Winner of the 2011 Publisher's Special Award — Stanley Meisler (PC/HQ 1963-67)
In 2011 Stan Meisler published When The World Calls: The Inside Story of the Peace Corps and Its First Fifty Years. It is a comprehensive history of the agency written by someone who knew the Peace Corps almost from its first days.
Stan Meisler was a reporter for AP in 1963 when he joined the Evaluation staff at the Peace Corps. “I was not there in those very first days, the madcap, exciting, glorious beginning. I started my work at Peace Corps headquarters just after the election of Lyndon B. Johnson to a full term as president, a year after the assassination of President Kennedy.”
He had misgivings about working for the government, as any reporter might, but the Peace Corps was different. “It was,” Meisler writes, “an oasis of idealism and goodness in the vast Washington bureaucracy.
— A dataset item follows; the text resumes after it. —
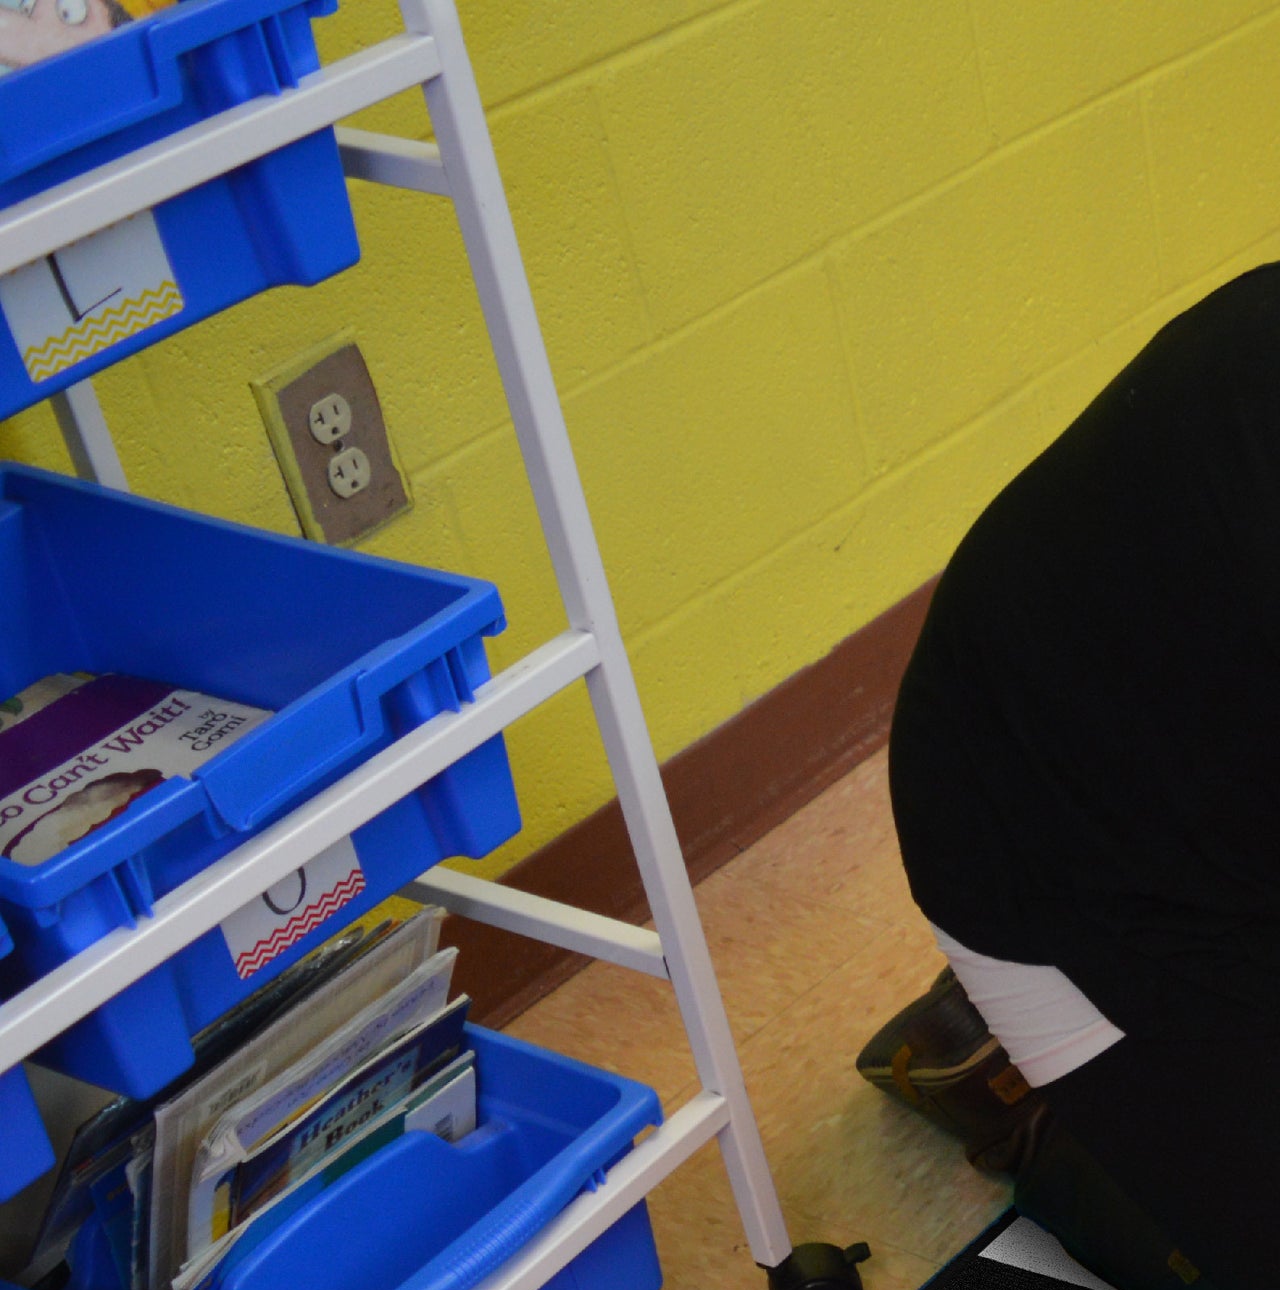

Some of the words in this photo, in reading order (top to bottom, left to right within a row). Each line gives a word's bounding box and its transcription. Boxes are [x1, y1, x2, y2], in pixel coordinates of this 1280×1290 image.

Everyone, even Washington correspondents, loved the Peace Corps.”
In his career at the agency he would make a half dozen lengthy-a month or longer-trips to evaluate Peace Corps programs: twice to Ethiopia, twice to Cameroon, and once each to Tanzania, Senegal, Gambia, Ghana, India, and Iran.
His history of the first 50 years of the agency follows two paths. One path is the work of PCVs overseas based mostly on his own evaluations and exhaustive research over the last two years; the second path follows the policy and political maneuverings in Washington, D.C. with its various power struggles, political appointments, and wily decision makings. These back room and background stories come from persons with firsthand knowledge of how it all happened.
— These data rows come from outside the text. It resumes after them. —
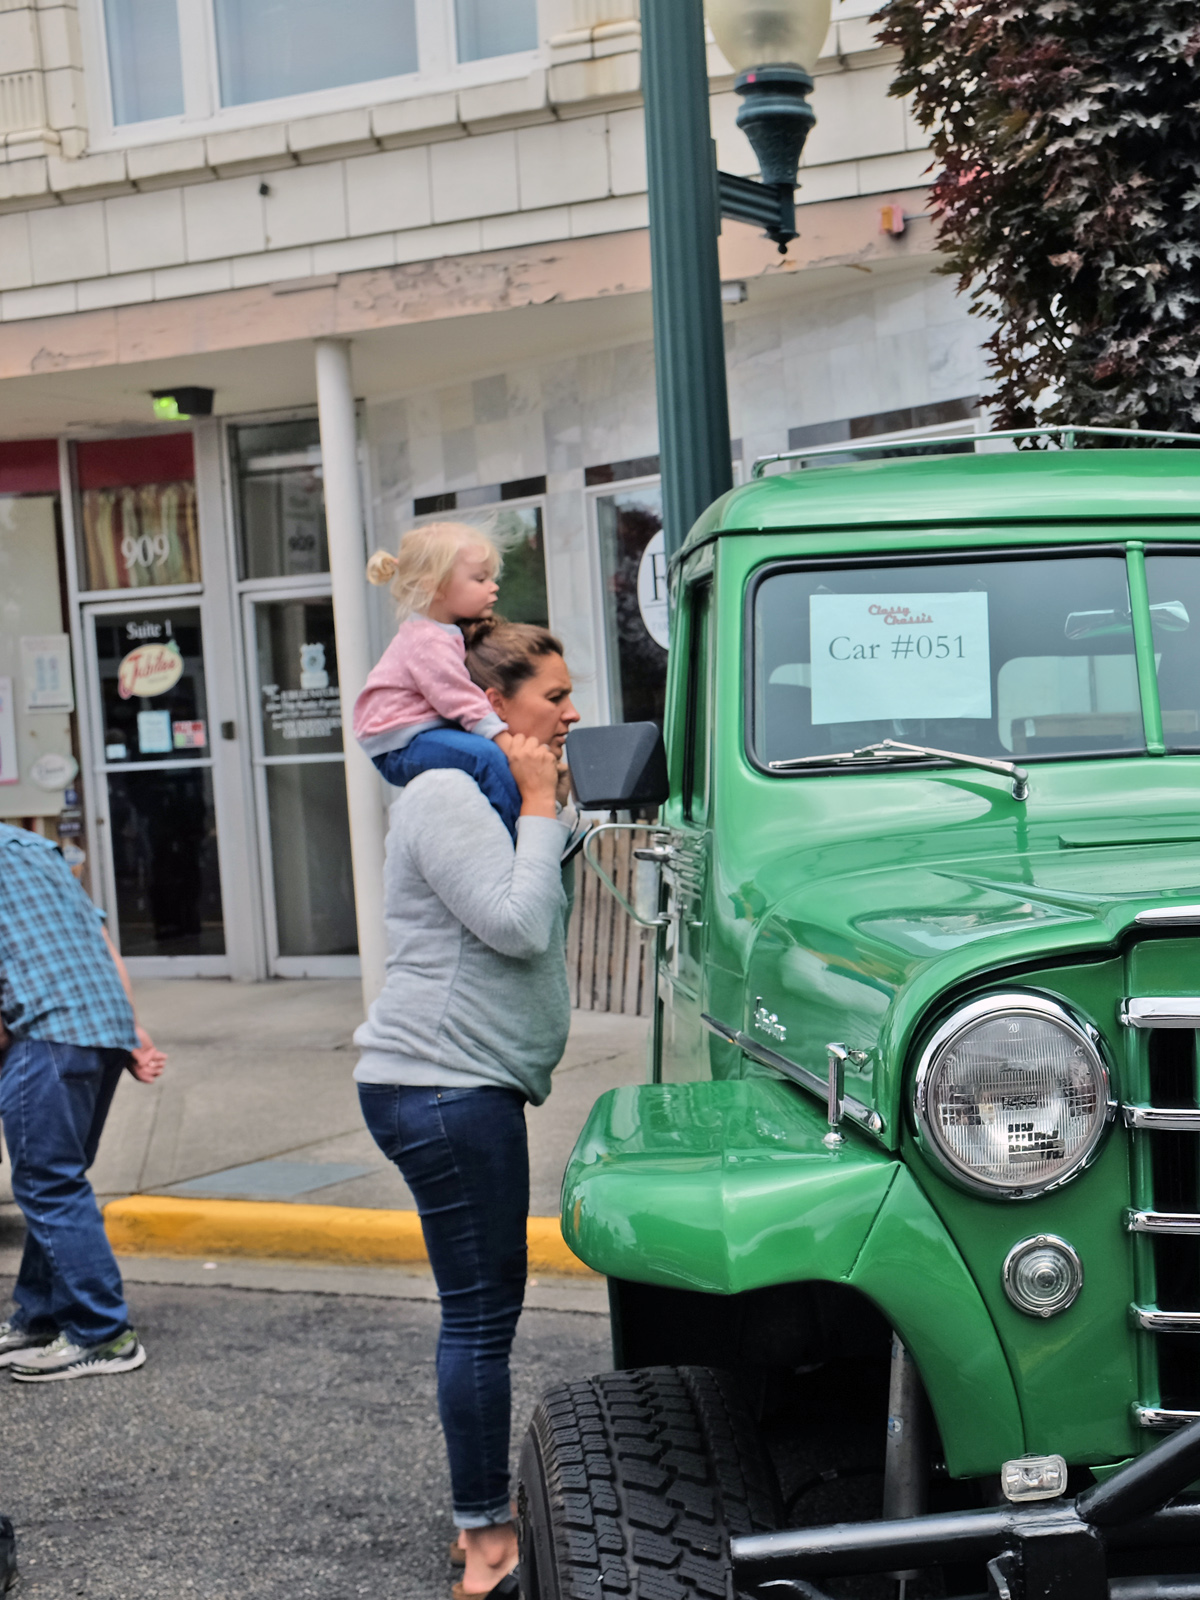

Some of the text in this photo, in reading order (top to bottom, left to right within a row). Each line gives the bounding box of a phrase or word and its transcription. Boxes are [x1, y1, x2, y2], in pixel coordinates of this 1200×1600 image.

[121, 534, 170, 569] 909
[868, 604, 911, 617] Classy
[884, 612, 934, 626] Chassis
[126, 618, 172, 640] Suite 1
[828, 634, 966, 661] Car #051
In his book on the agency, Stan writes, for example, of how Lyndon Johnson became furious when Volunteers opposed his invasion of the Dominican Republic; he reveals how Richard Nixon literally tried to destroy the Peace Corps, and he shows how Ronald Reagan endeavored to make it an instrument of foreign policy in Central America. But somehow, Stan writes, the ethos of the Peace Corps endured.
Meisler tracks the agency over these five decades, beginning with Shriver. He ends his book with Aaron Williams, the current Director, but Stan focuses his history mostly on themes, flash points, the worth of the PCV overseas, and what RPCVs have accomplished, then and now, in their host country and here at home.
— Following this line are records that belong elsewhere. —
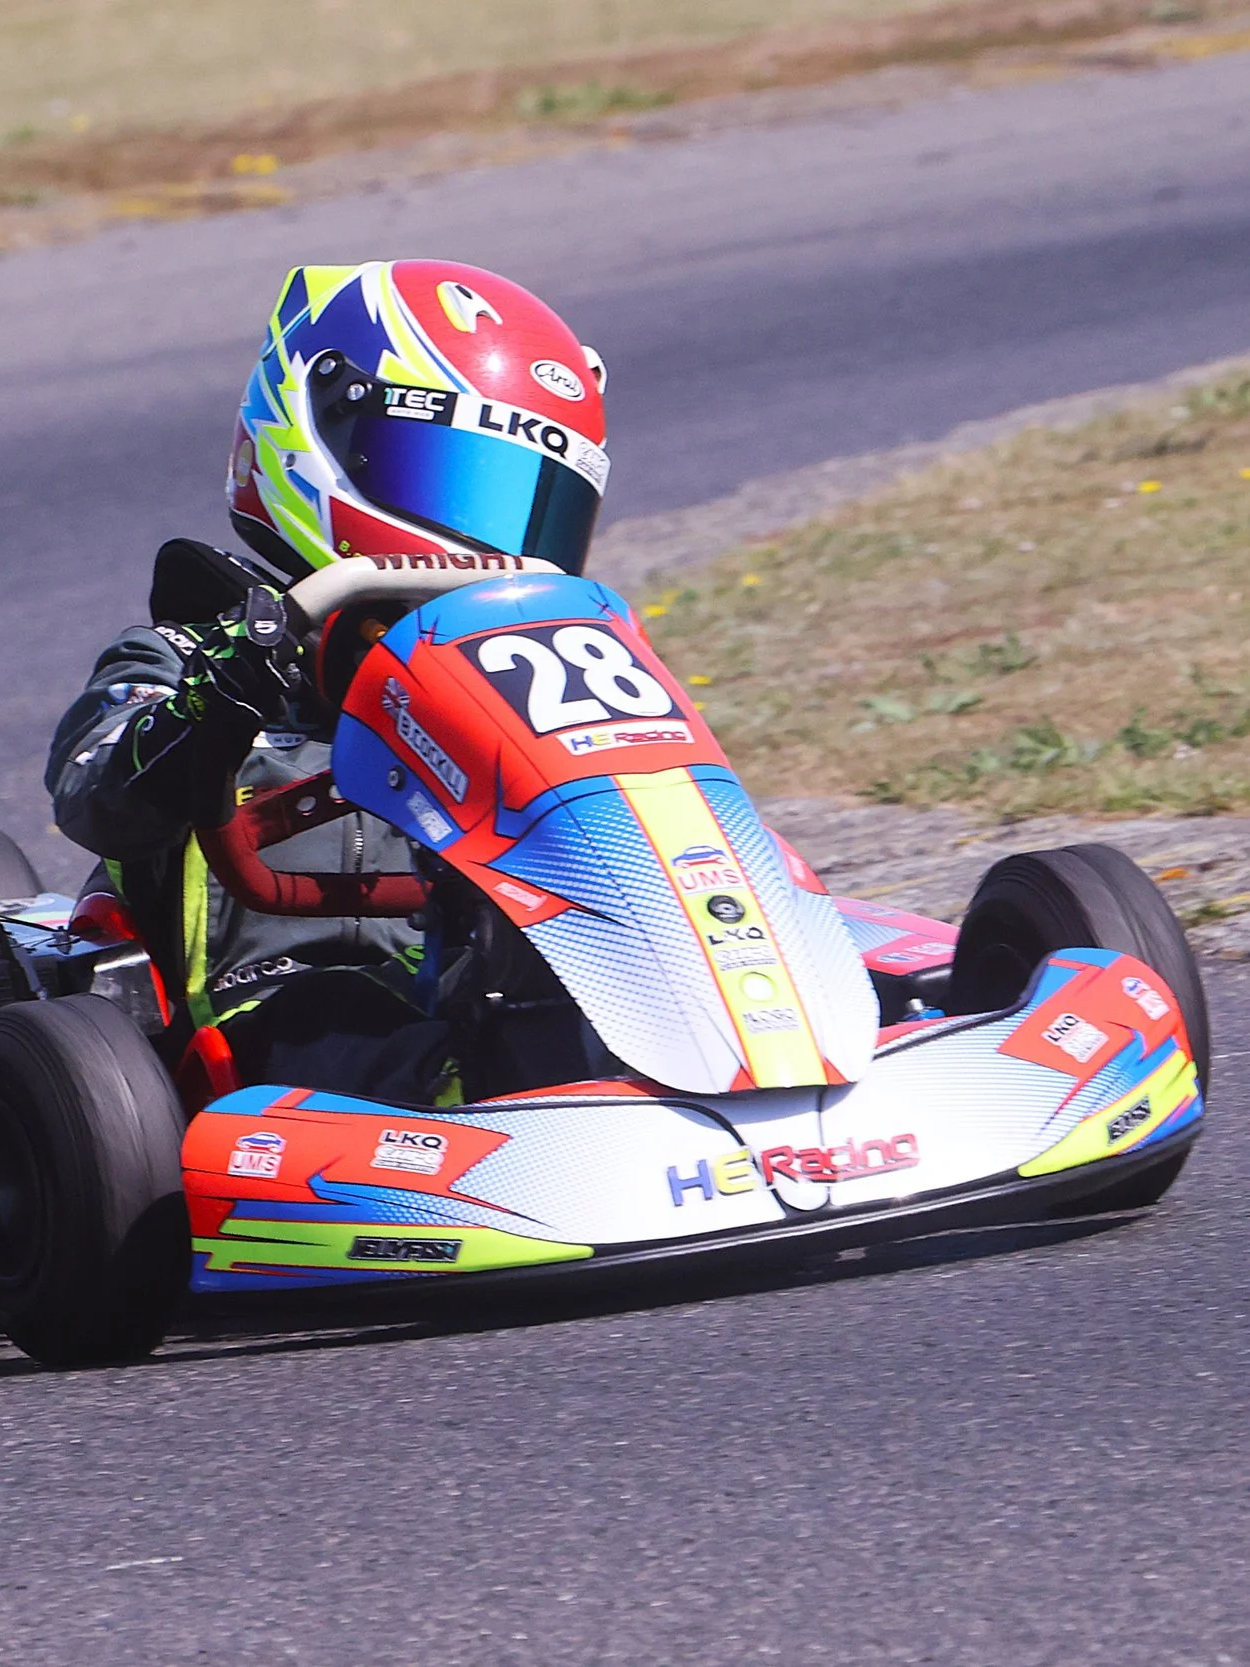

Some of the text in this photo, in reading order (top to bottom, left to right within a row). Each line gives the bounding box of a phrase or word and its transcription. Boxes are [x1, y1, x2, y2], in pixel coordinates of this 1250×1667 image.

[478, 404, 567, 460] LKQ
[478, 625, 673, 734] 28
[677, 868, 742, 890] UMS
[384, 1131, 443, 1150] LKQ
[234, 1154, 278, 1172] UMS
[667, 1133, 920, 1207] HE Racing
After his tour with the Peace Corps, Meisler was a foreign and diplomatic correspondent for the Los Angeles Times, Foreign Policy, the Atlantic, the Nation, and Smithsonian. He lives today in Washington, D.C.
Winners of the Peace Corps Writers Awards receive a certificate and small cash award.
Congratulations, Stan.
Thanks, Stan, for the biggest and best Peace Corps evaluation report ever. And congratulations on winning a “small cash award” for it.